→ **Problem statement**
Down to the last line, transcribe the records verbatim and exclude the images.

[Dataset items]
= = = = = = =

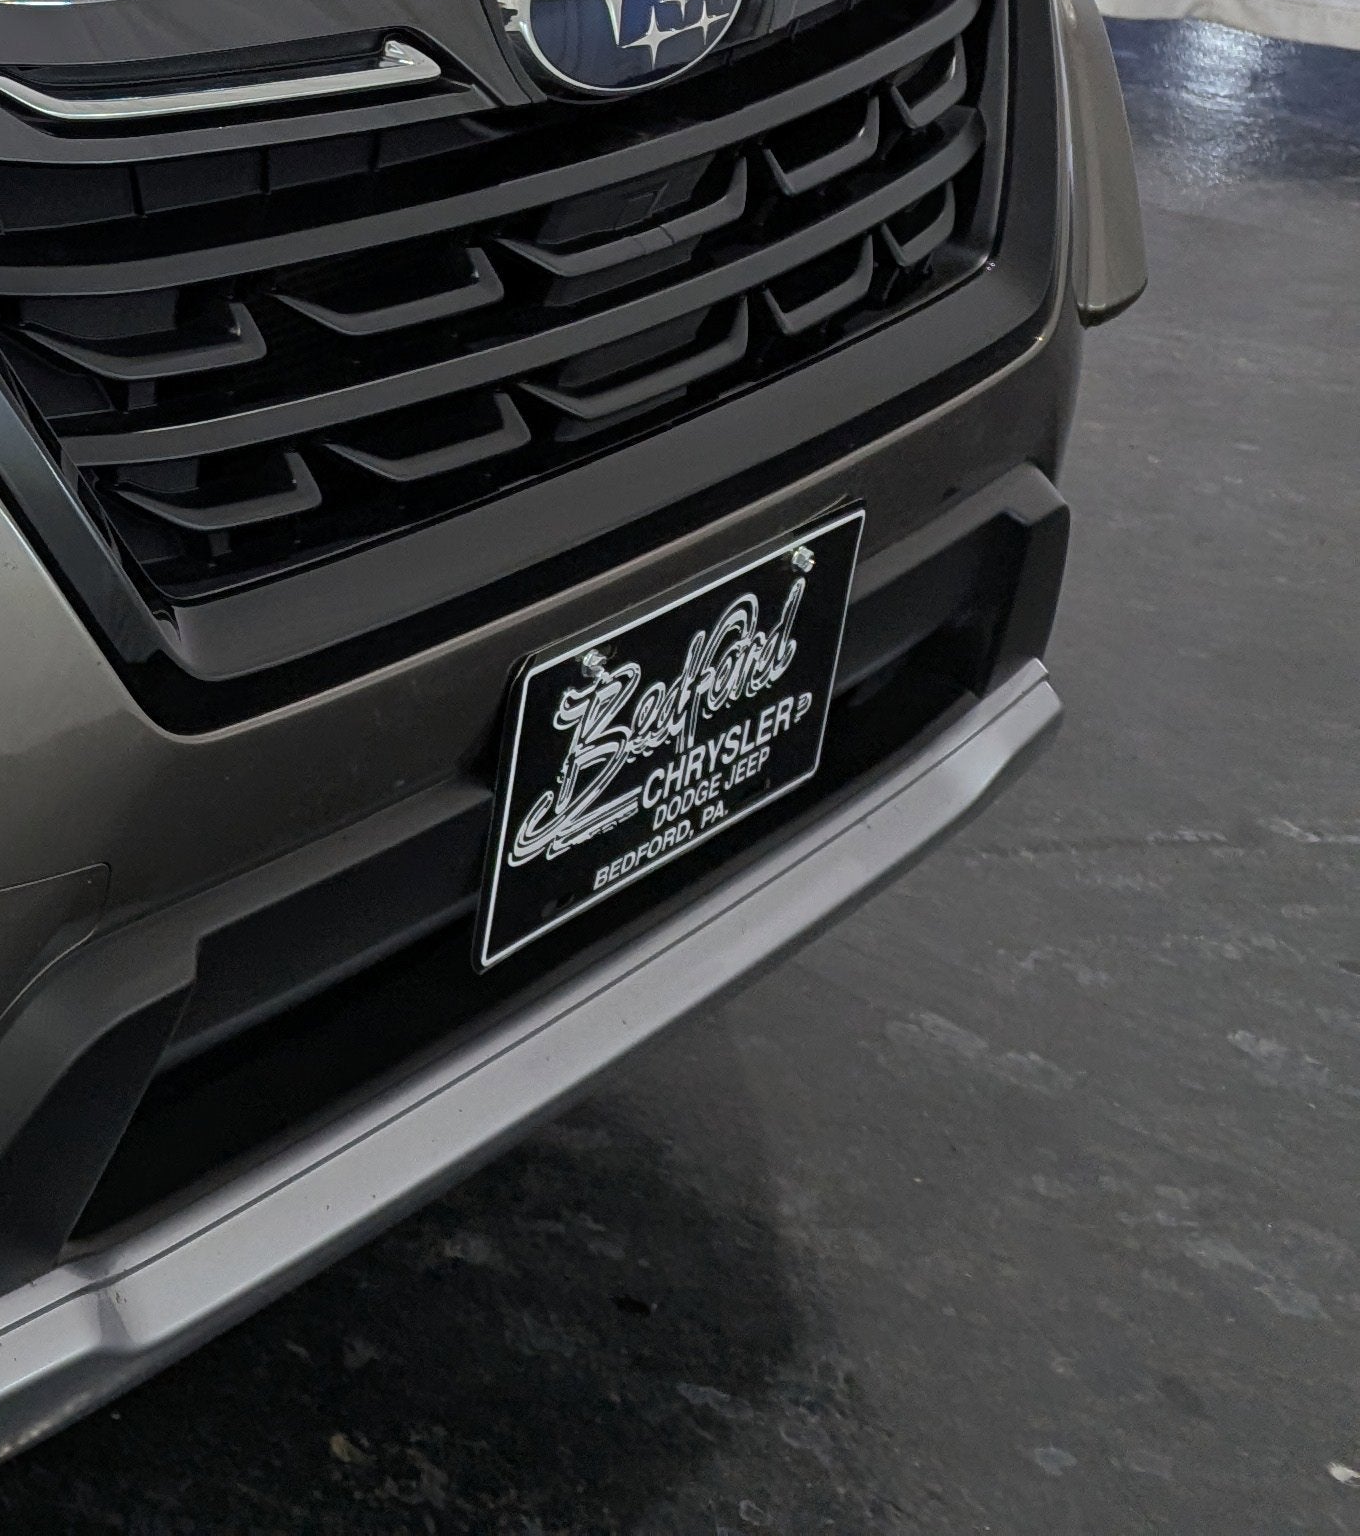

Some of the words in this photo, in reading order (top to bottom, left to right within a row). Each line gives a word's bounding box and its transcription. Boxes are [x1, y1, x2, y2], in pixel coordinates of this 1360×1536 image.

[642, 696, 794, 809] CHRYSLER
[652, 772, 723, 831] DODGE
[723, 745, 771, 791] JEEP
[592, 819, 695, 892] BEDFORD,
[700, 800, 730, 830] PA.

= = = = = = =

→ **Exercise response**
Some of the words in this photo, in reading order (top to bottom, left to right within a row). Each line gives a word's bounding box and its transcription. Boxes are [x1, y1, x2, y2], in pixel coordinates of this 1360×1536 image.

[642, 696, 794, 809] CHRYSLER
[652, 772, 723, 831] DODGE
[723, 745, 771, 791] JEEP
[592, 819, 695, 892] BEDFORD,
[700, 800, 730, 830] PA.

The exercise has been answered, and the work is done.